Task instructions:
Your task is to restate the listing word for word without the pictures.

Provided records:
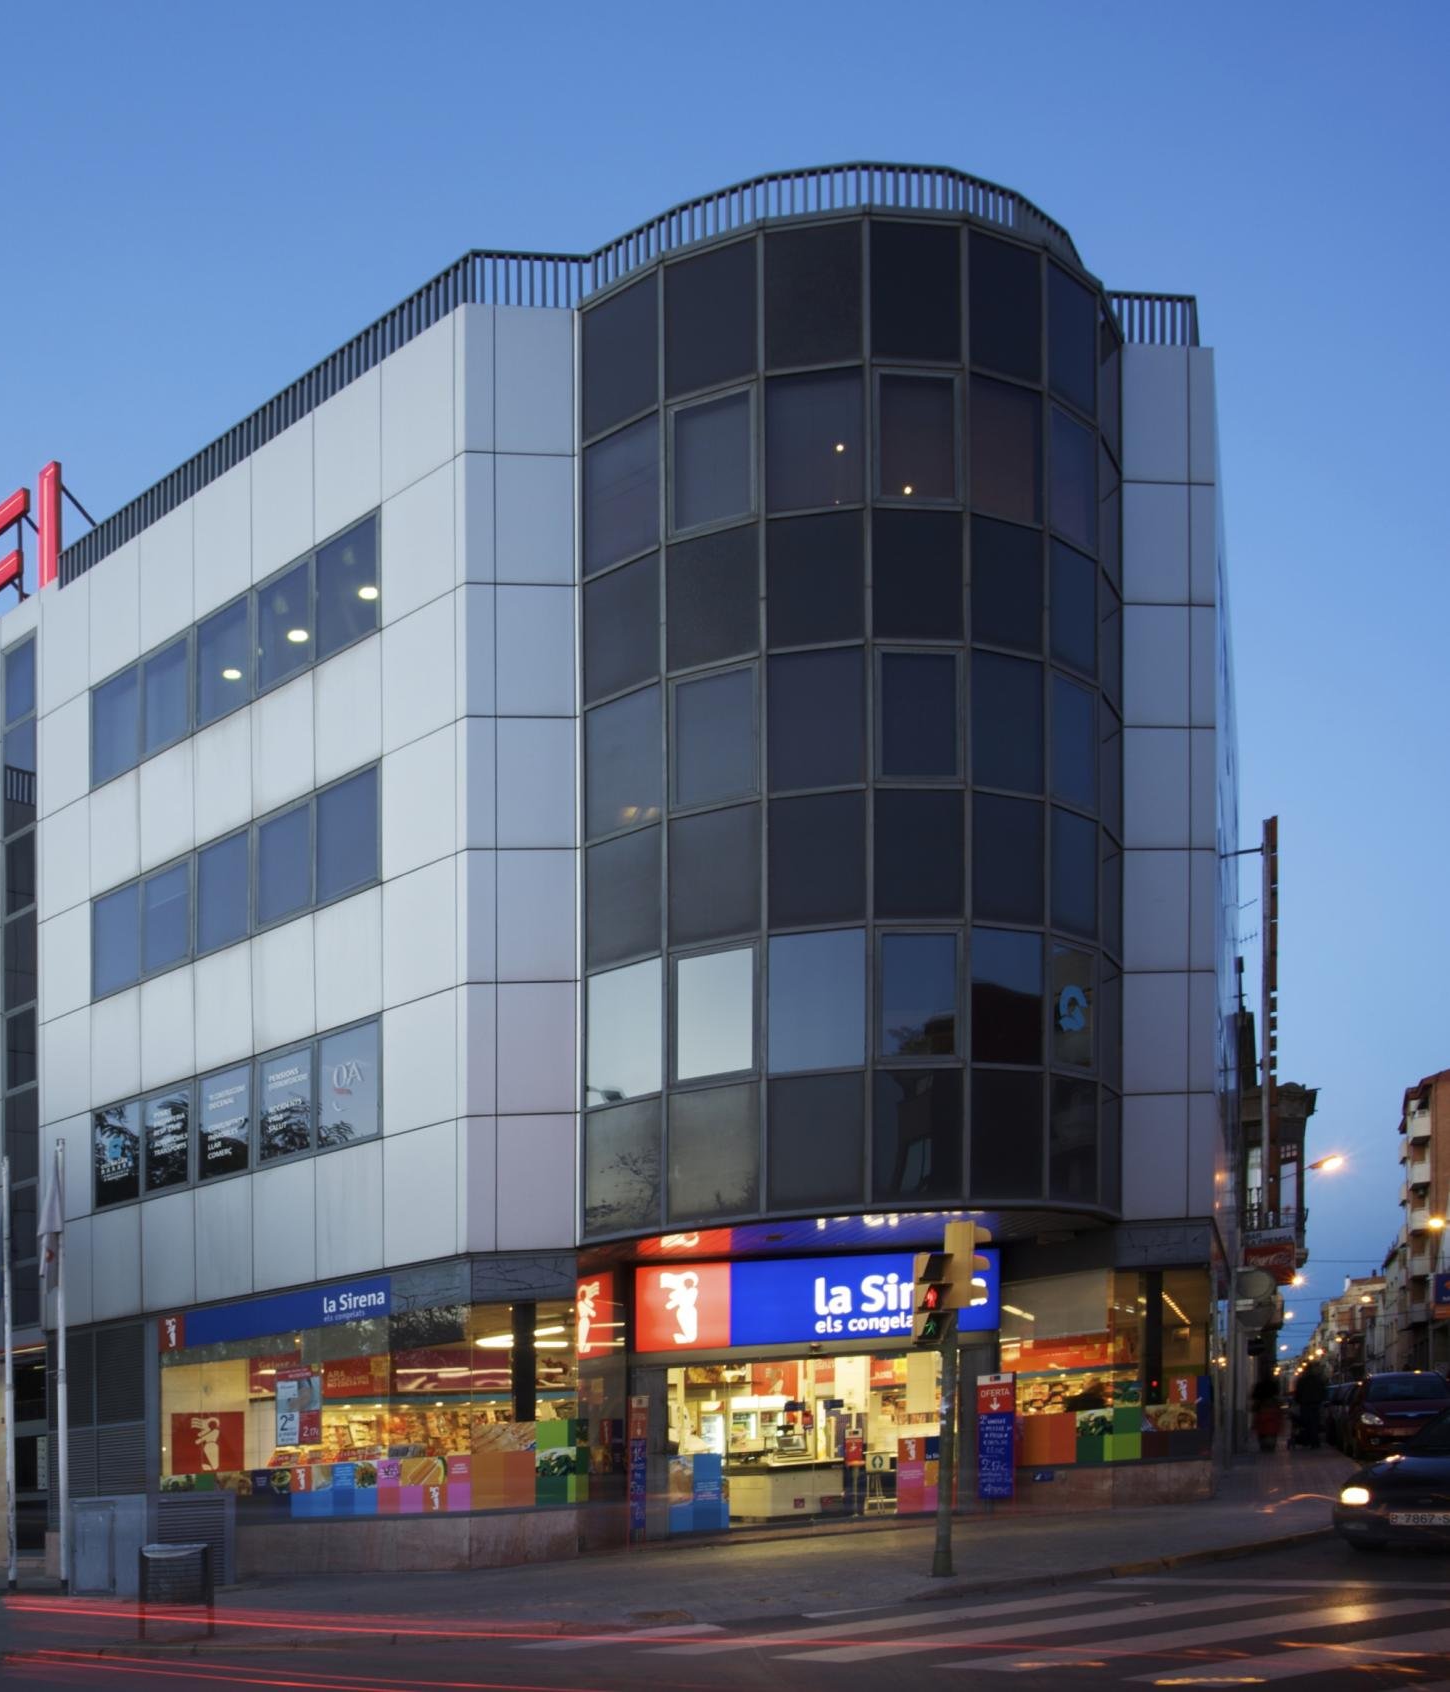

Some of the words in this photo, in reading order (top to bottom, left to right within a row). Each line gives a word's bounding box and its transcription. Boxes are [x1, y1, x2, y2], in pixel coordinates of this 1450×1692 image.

[323, 1297, 337, 1314] la
[339, 1291, 385, 1312] Sirena
[815, 1277, 852, 1316] la
[815, 1316, 842, 1334] els
[980, 1388, 1011, 1399] OFERTA

Output of the exercise:
Some of the words in this photo, in reading order (top to bottom, left to right within a row). Each line gives a word's bounding box and its transcription. Boxes are [x1, y1, x2, y2], in pixel coordinates of this 1450×1692 image.

[323, 1297, 337, 1314] la
[339, 1291, 385, 1312] Sirena
[815, 1277, 852, 1316] la
[815, 1316, 842, 1334] els
[980, 1388, 1011, 1399] OFERTA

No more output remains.